- Task -
Print the entries underneath word for word, omitting whatever pictures they contain.

___ Records supplied

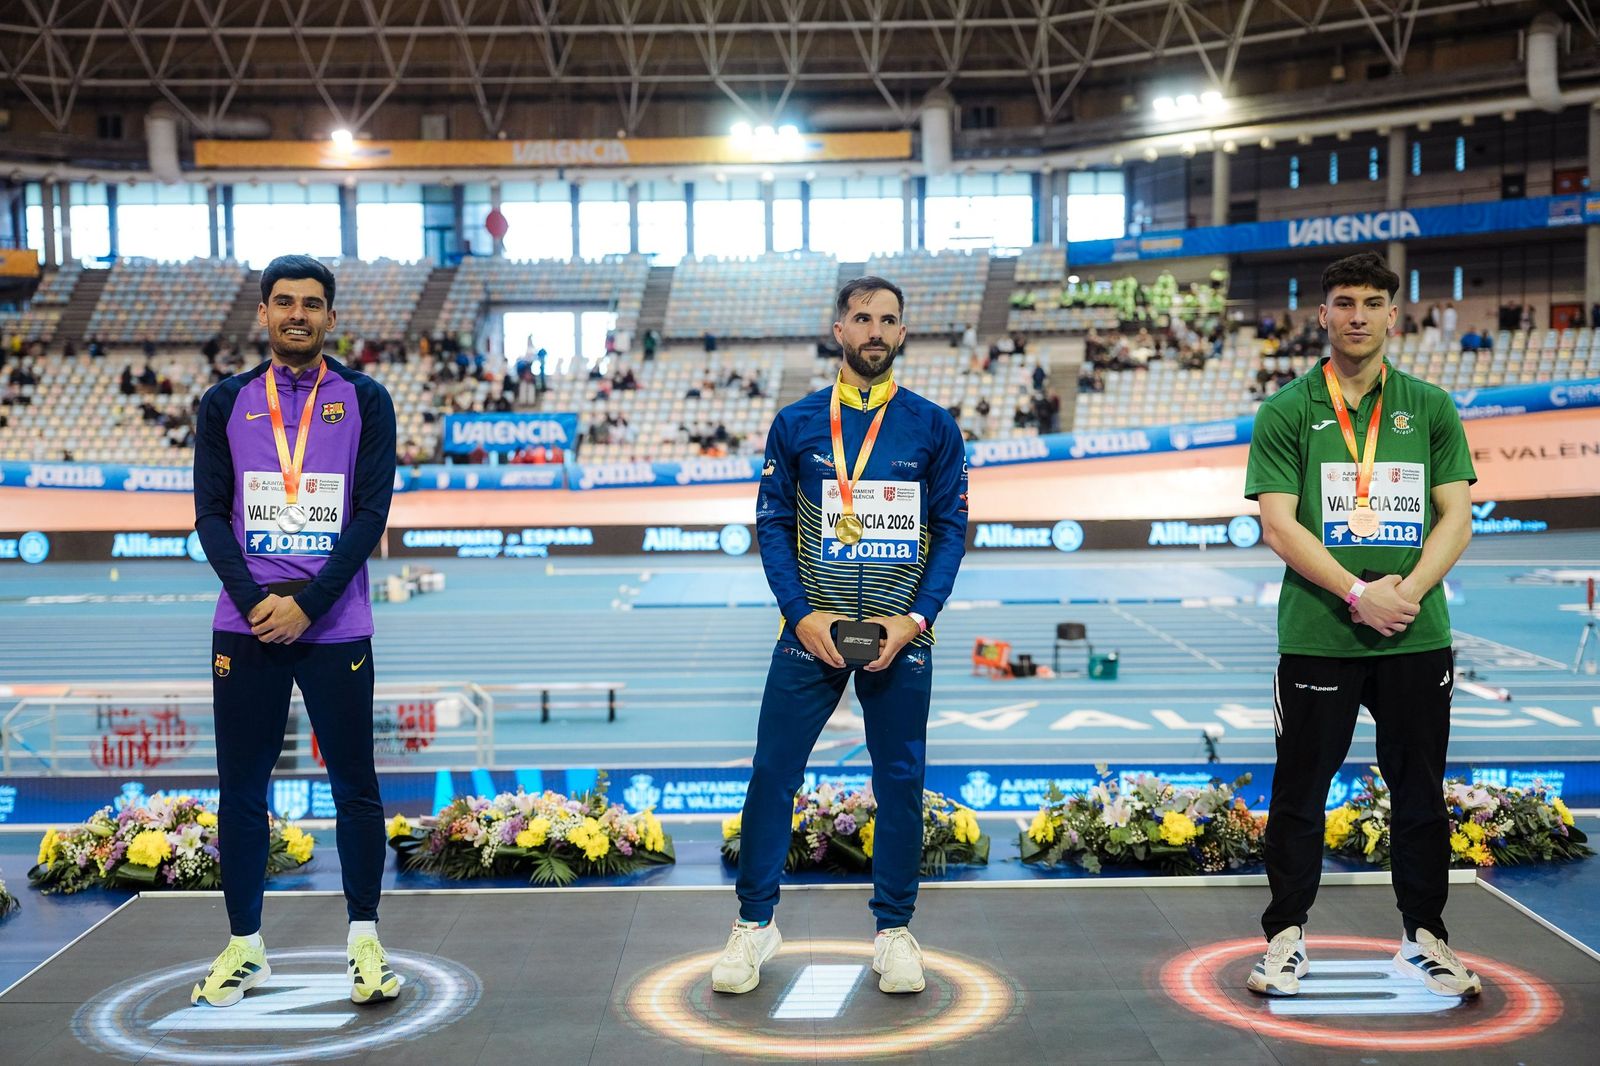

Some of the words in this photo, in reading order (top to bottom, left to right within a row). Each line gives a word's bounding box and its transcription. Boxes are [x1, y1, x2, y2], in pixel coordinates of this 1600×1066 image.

[1288, 210, 1420, 247] VALENCIA
[452, 420, 569, 445] VALENCIA
[308, 506, 338, 523] 2026
[1327, 496, 1392, 512] VALECIA
[1393, 496, 1421, 513] 2026
[827, 513, 885, 530] VANCIA
[887, 515, 916, 531] 2026
[1148, 521, 1229, 546] Allianz
[112, 532, 188, 558] Allianz
[642, 526, 721, 552] Allianz
[973, 523, 1052, 547] Allianz

______

- Answer to this problem -
Some of the words in this photo, in reading order (top to bottom, left to right within a row). Each line gives a word's bounding box and its transcription. Boxes are [x1, y1, x2, y2], in pixel coordinates of this 1600×1066 image.

[1288, 210, 1420, 247] VALENCIA
[452, 420, 569, 445] VALENCIA
[308, 506, 338, 523] 2026
[1327, 496, 1392, 512] VALECIA
[1393, 496, 1421, 513] 2026
[827, 513, 885, 530] VANCIA
[887, 515, 916, 531] 2026
[1148, 521, 1229, 546] Allianz
[112, 532, 188, 558] Allianz
[642, 526, 721, 552] Allianz
[973, 523, 1052, 547] Allianz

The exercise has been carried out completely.